• [Exercise]
Once the line with "this 1504×1504 image." is reached, output it and every line after it, exactly, through the end of the records below. Pictures are skipped.

• [Materials provided]

# # # #

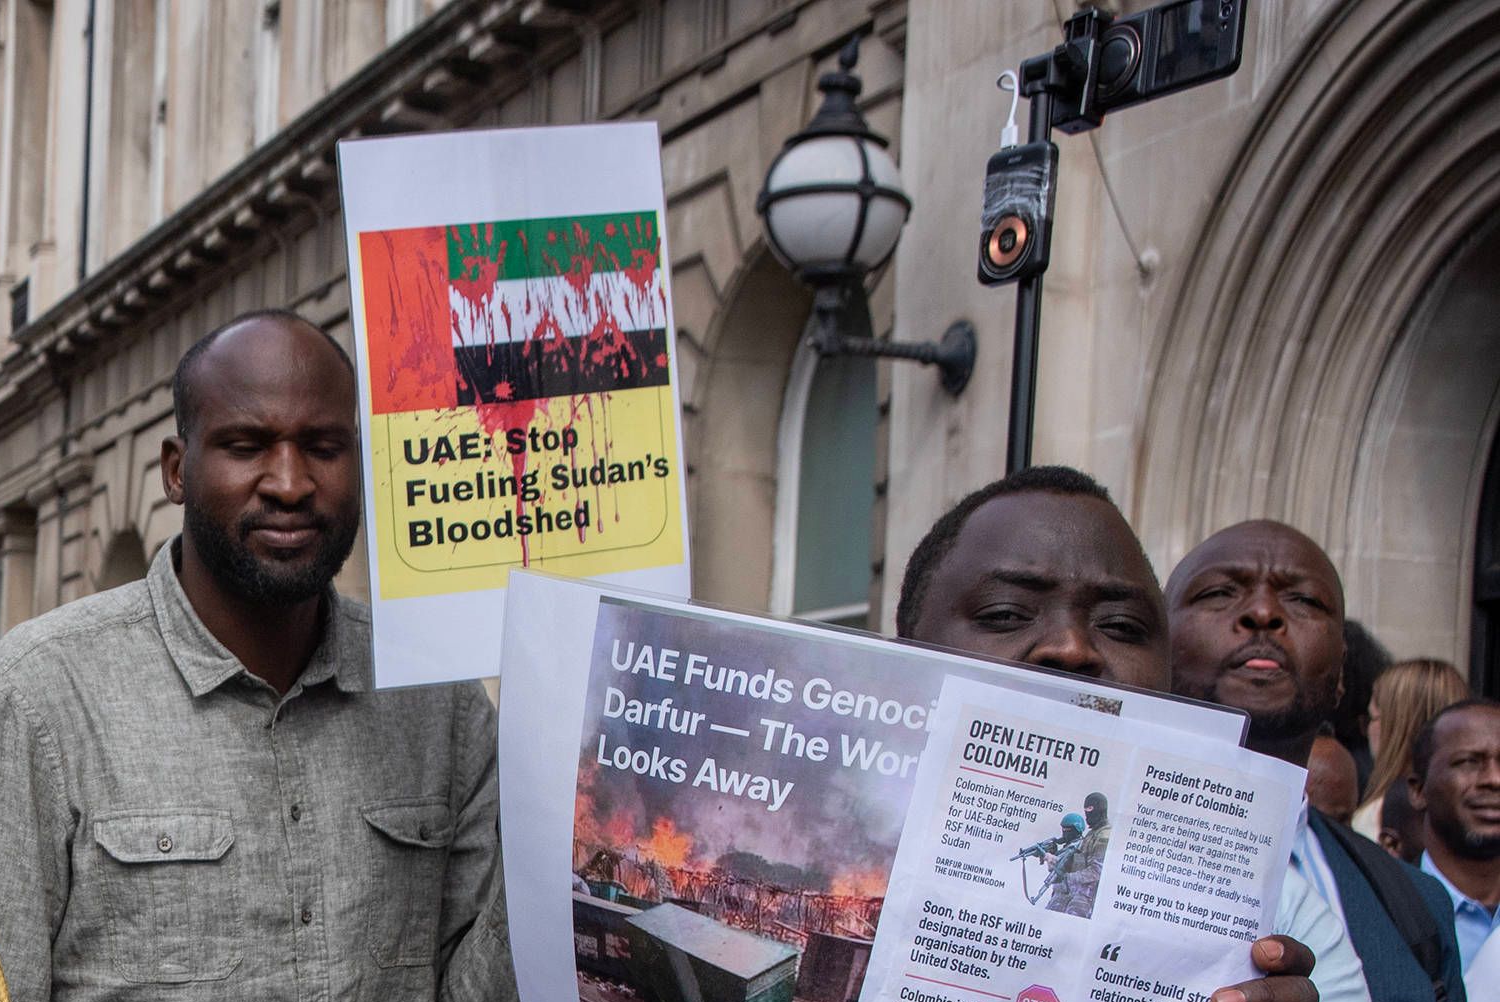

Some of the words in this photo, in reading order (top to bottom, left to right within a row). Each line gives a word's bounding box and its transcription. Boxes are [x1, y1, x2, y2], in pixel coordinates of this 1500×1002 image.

[402, 432, 492, 466] UAE:
[505, 425, 579, 457] Stop
[405, 468, 541, 507] Fueling
[408, 501, 591, 548] Bloodshed
[610, 638, 680, 682] UAE
[683, 653, 794, 704] Funds
[603, 686, 706, 737] Darfur
[759, 717, 830, 763] The
[970, 720, 1014, 746] OPEN
[1016, 731, 1075, 761] LETTER
[1080, 746, 1099, 766] TO
[597, 733, 688, 784] Looks
[692, 757, 795, 812] Away
[963, 743, 1047, 779] COLOMBIA
[955, 777, 1004, 798] Colombian
[1006, 789, 1063, 812] Mercenaries
[1141, 781, 1179, 801] People
[1181, 793, 1194, 804] of
[1195, 794, 1248, 818] Colombia:
[1146, 765, 1201, 789] President
[1202, 779, 1232, 796] Petro
[1234, 790, 1254, 802] and
[948, 805, 962, 817] for
[964, 809, 1020, 831] UAE-Backed
[952, 791, 975, 805] Must
[976, 797, 998, 812] Stop
[999, 802, 1037, 822] Fighting
[1137, 803, 1155, 819] Your
[1156, 810, 1210, 831] mercenaries,
[1212, 824, 1248, 839] recruited
[1249, 831, 1258, 843] by
[941, 833, 970, 849] Sudan
[945, 819, 963, 832] RSF
[964, 824, 992, 840] Militia
[994, 831, 1003, 842] in
[1132, 817, 1158, 831] rulers,
[1160, 824, 1175, 833] are
[1176, 826, 1200, 841] being
[1202, 834, 1223, 845] used
[1223, 839, 1233, 848] as
[1234, 842, 1258, 855] pawns
[1138, 831, 1144, 839] a
[1145, 833, 1187, 849] genocidal
[1189, 843, 1205, 853] war
[1206, 848, 1237, 861] against
[1238, 854, 1250, 865] the
[935, 865, 947, 875] THE
[948, 868, 972, 880] UNITED
[972, 874, 1004, 888] KINGDOM
[936, 856, 962, 869] DARFUR
[963, 863, 983, 874] UNION
[984, 868, 992, 876] IN
[1123, 854, 1137, 863] not
[1139, 856, 1164, 872] aiding
[1166, 864, 1215, 884] peace–they
[1216, 876, 1231, 886] are
[1125, 841, 1154, 854] people
[1155, 847, 1165, 857] of
[1165, 849, 1194, 864] Sudan.
[1197, 856, 1221, 870] These
[1223, 865, 1241, 875] men
[1242, 870, 1254, 879] are
[1121, 864, 1146, 879] killing
[1147, 871, 1180, 886] civilians
[1182, 881, 1207, 893] under
[1207, 886, 1213, 894] a
[1215, 887, 1241, 903] deadly
[923, 900, 954, 920] Soon,
[958, 909, 977, 923] the
[979, 913, 1003, 929] RSF
[1005, 921, 1026, 935] will
[1027, 924, 1041, 939] be
[1113, 901, 1137, 914] away
[1140, 905, 1161, 919] from
[1163, 911, 1180, 923] this
[1181, 917, 1228, 935] murderous
[1117, 885, 1131, 897] We
[1133, 891, 1154, 904] urge
[1156, 897, 1173, 907] you
[1175, 900, 1185, 910] to
[1187, 902, 1208, 918] keep
[1210, 910, 1231, 922] your
[1232, 916, 1258, 930] people
[914, 935, 987, 960] organisation
[990, 950, 1005, 966] by
[1007, 955, 1026, 969] the
[919, 917, 983, 942] designated
[984, 934, 998, 946] as
[1000, 939, 1008, 948] a
[1011, 939, 1053, 958] terrorist
[910, 949, 949, 968] United
[949, 958, 989, 979] States.
[1095, 967, 1151, 991] Countries
[1152, 981, 1185, 1000] build
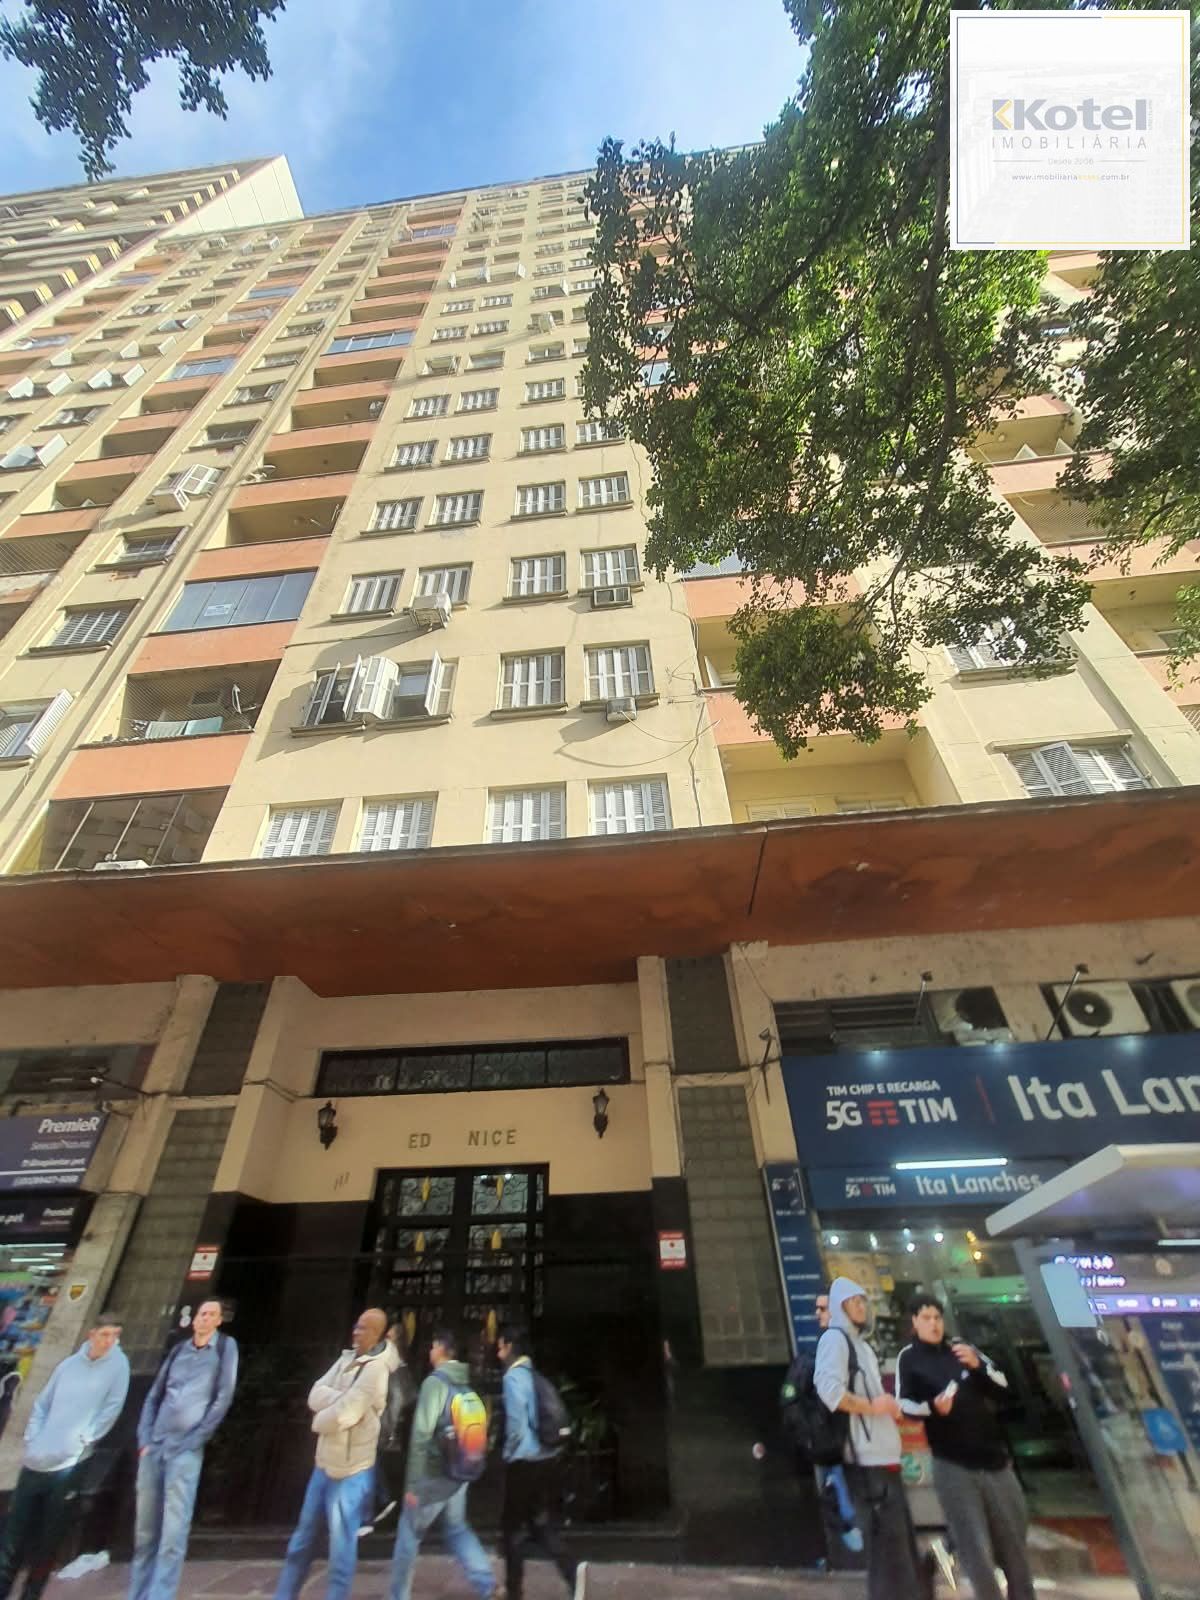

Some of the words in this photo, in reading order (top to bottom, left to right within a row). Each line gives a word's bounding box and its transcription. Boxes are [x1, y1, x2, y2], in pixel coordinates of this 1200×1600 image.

[826, 1085, 848, 1096] TIM
[849, 1083, 875, 1095] CHIP
[876, 1082, 886, 1094] E
[886, 1080, 941, 1093] RECARGA
[1007, 1075, 1097, 1121] Ita
[826, 1100, 863, 1130] 5G
[899, 1097, 958, 1124] TIM
[408, 1132, 431, 1148] ED
[467, 1129, 517, 1146] NICE
[845, 1183, 861, 1198] 5G
[873, 1183, 897, 1196] TIM
[915, 1175, 948, 1196] Ita
[950, 1173, 1043, 1195] Lanches
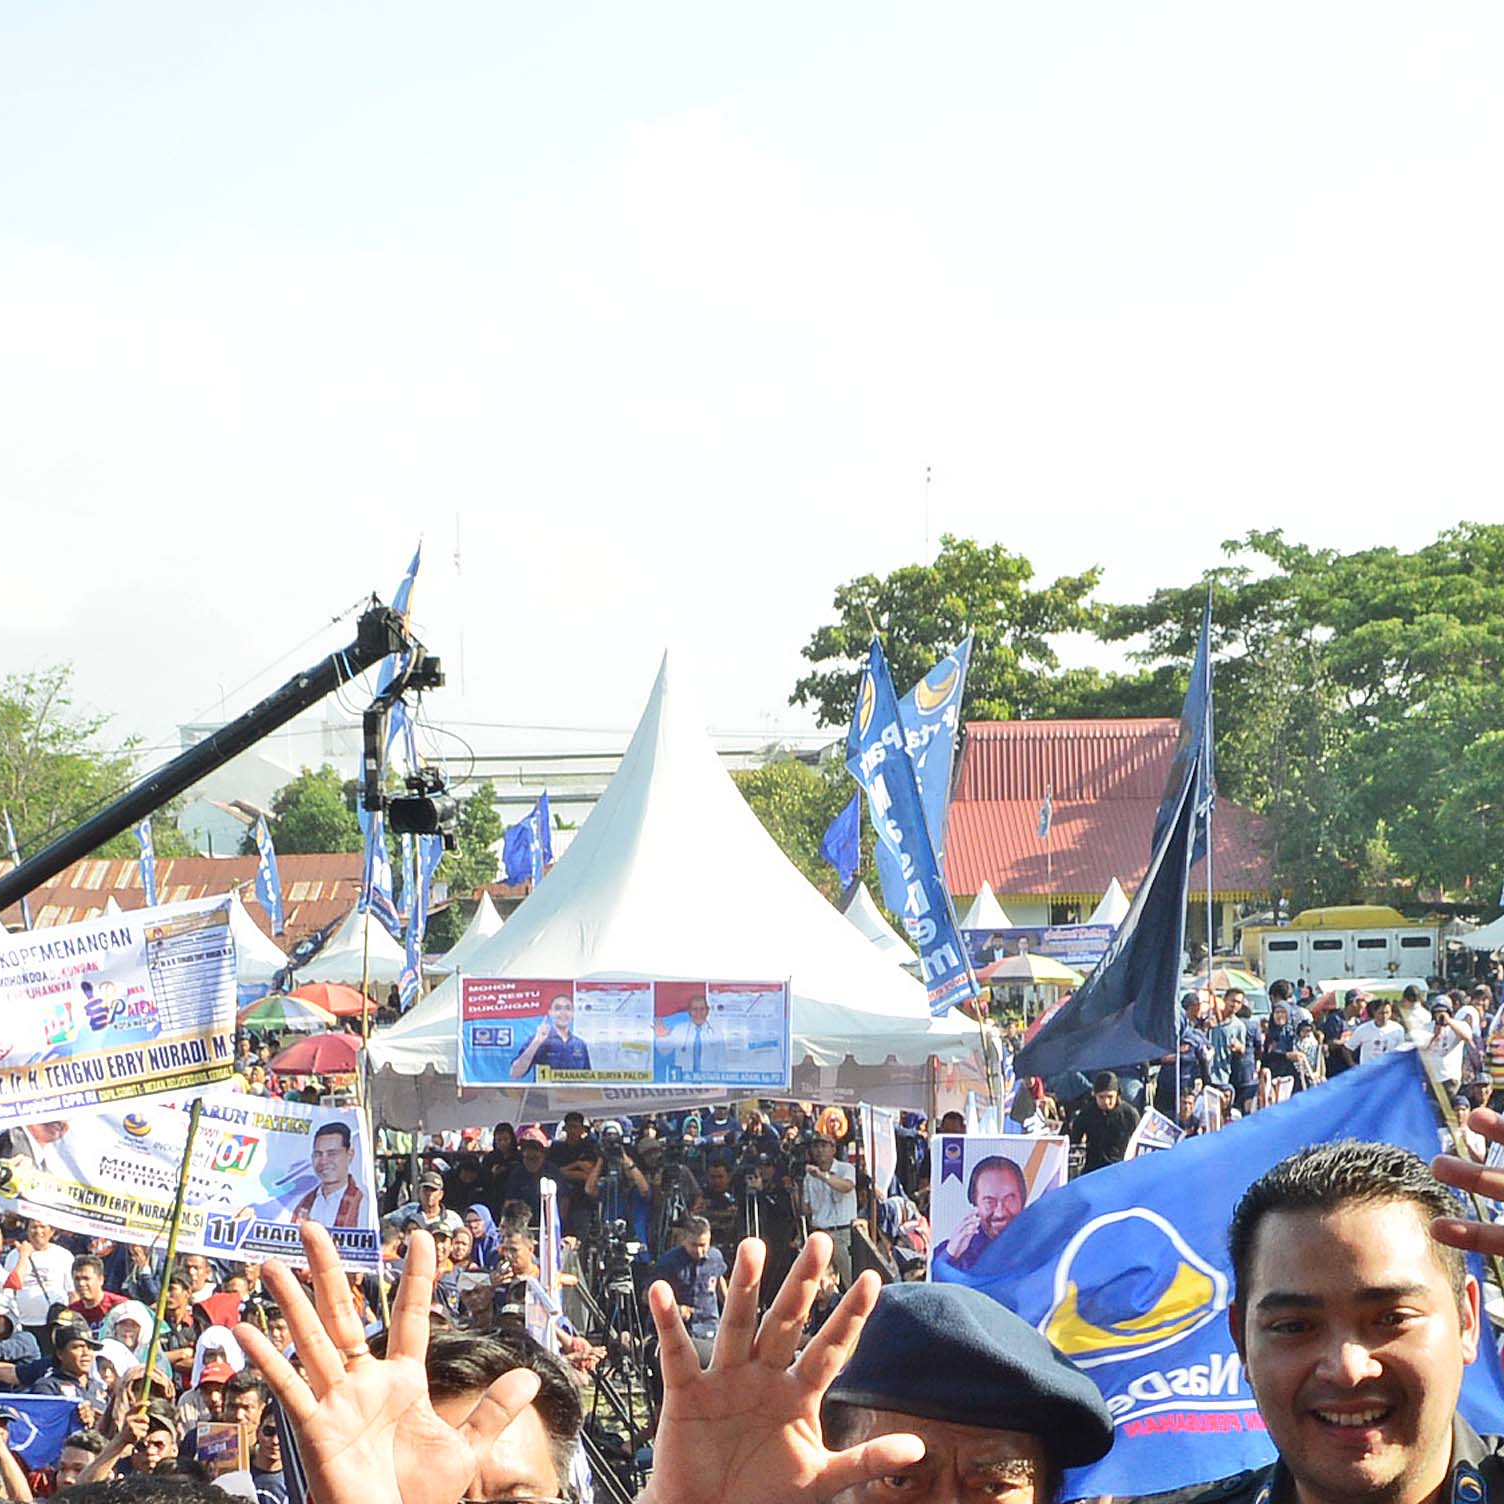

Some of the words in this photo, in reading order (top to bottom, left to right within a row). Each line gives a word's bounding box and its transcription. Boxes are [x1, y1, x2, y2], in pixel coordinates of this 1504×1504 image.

[497, 1030, 509, 1045] 5
[45, 1058, 104, 1088] TENGKU
[107, 1049, 145, 1078] ERRY
[540, 1070, 547, 1080] 1
[253, 1111, 312, 1135] PATEN
[216, 1137, 254, 1171] 01
[68, 1186, 108, 1208] TENGKU
[109, 1195, 135, 1214] ERRY
[209, 1216, 237, 1243] 11
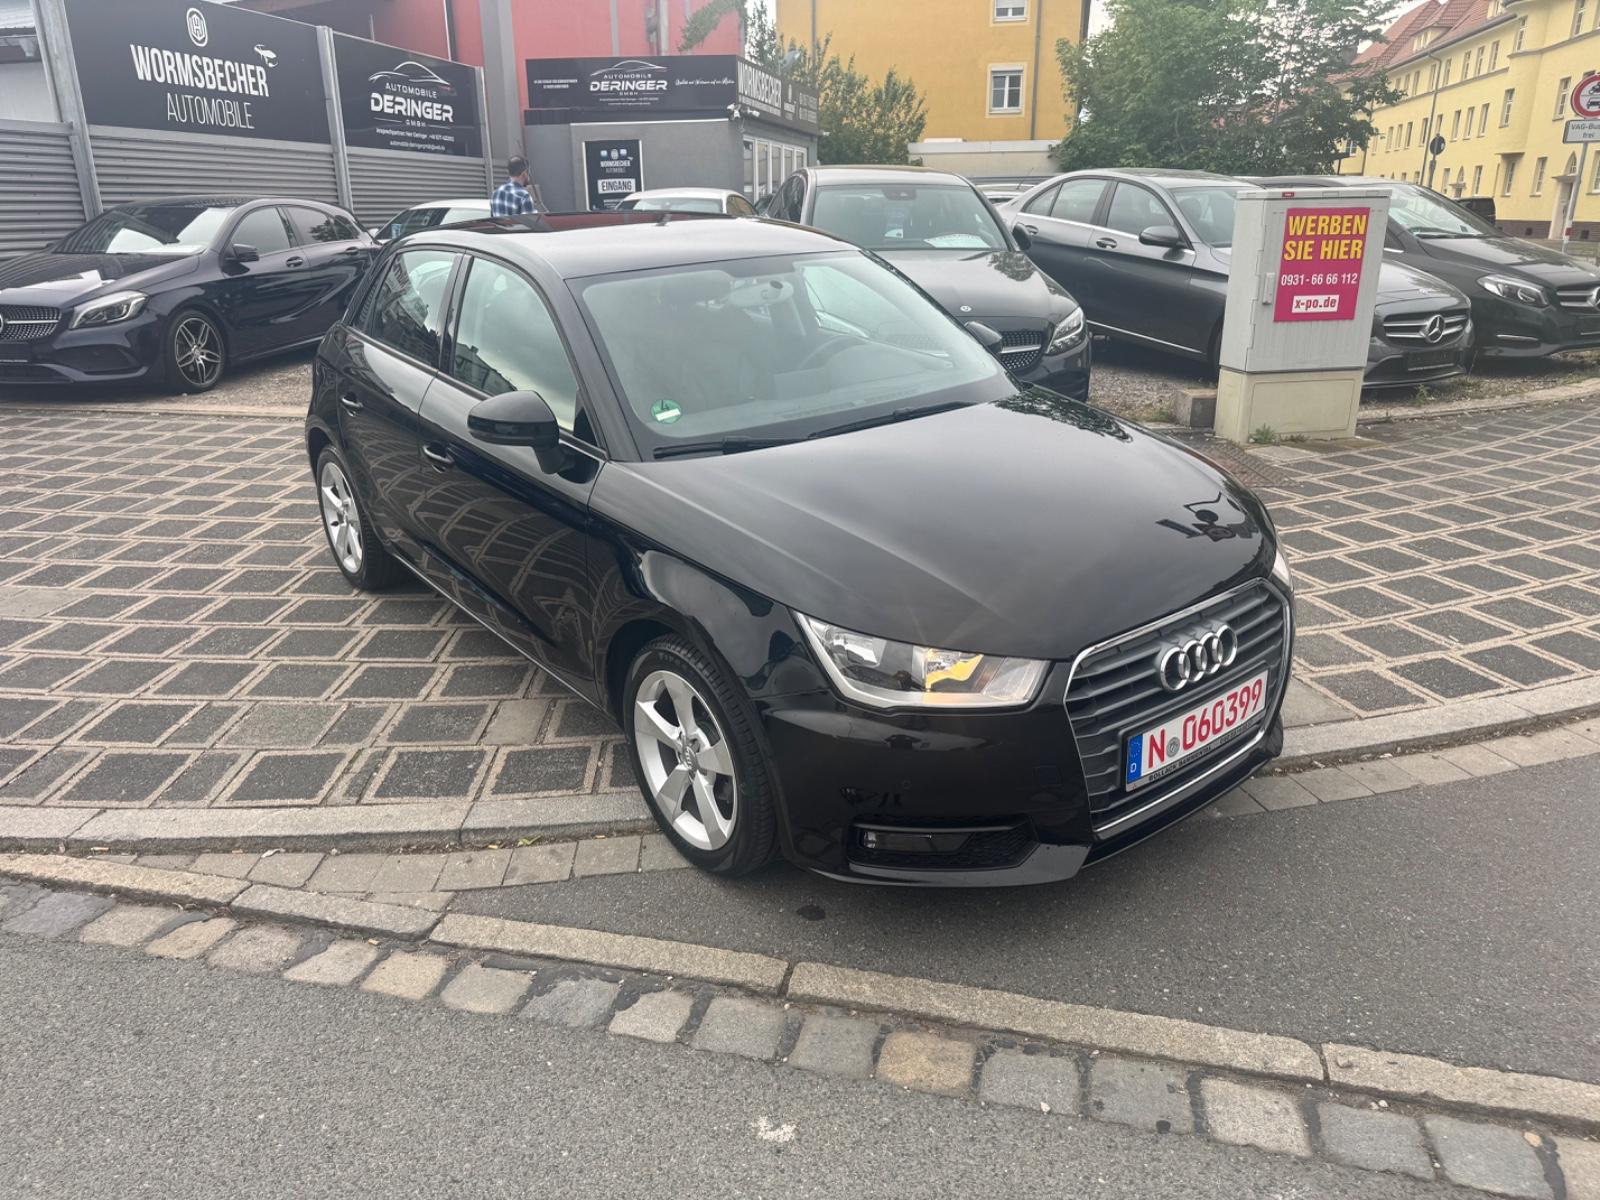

# # # #

• [Exercise solution]
Some of the words in this photo, in reading order (top to bottom, left to right within a row). Each line gives a word's bounding box and its transcription. Boxes are [x1, y1, x2, y2], in pixel coordinates of this 1504×1504 image.

[497, 1030, 509, 1045] 5
[45, 1058, 104, 1088] TENGKU
[107, 1049, 145, 1078] ERRY
[540, 1070, 547, 1080] 1
[253, 1111, 312, 1135] PATEN
[216, 1137, 254, 1171] 01
[68, 1186, 108, 1208] TENGKU
[109, 1195, 135, 1214] ERRY
[209, 1216, 237, 1243] 11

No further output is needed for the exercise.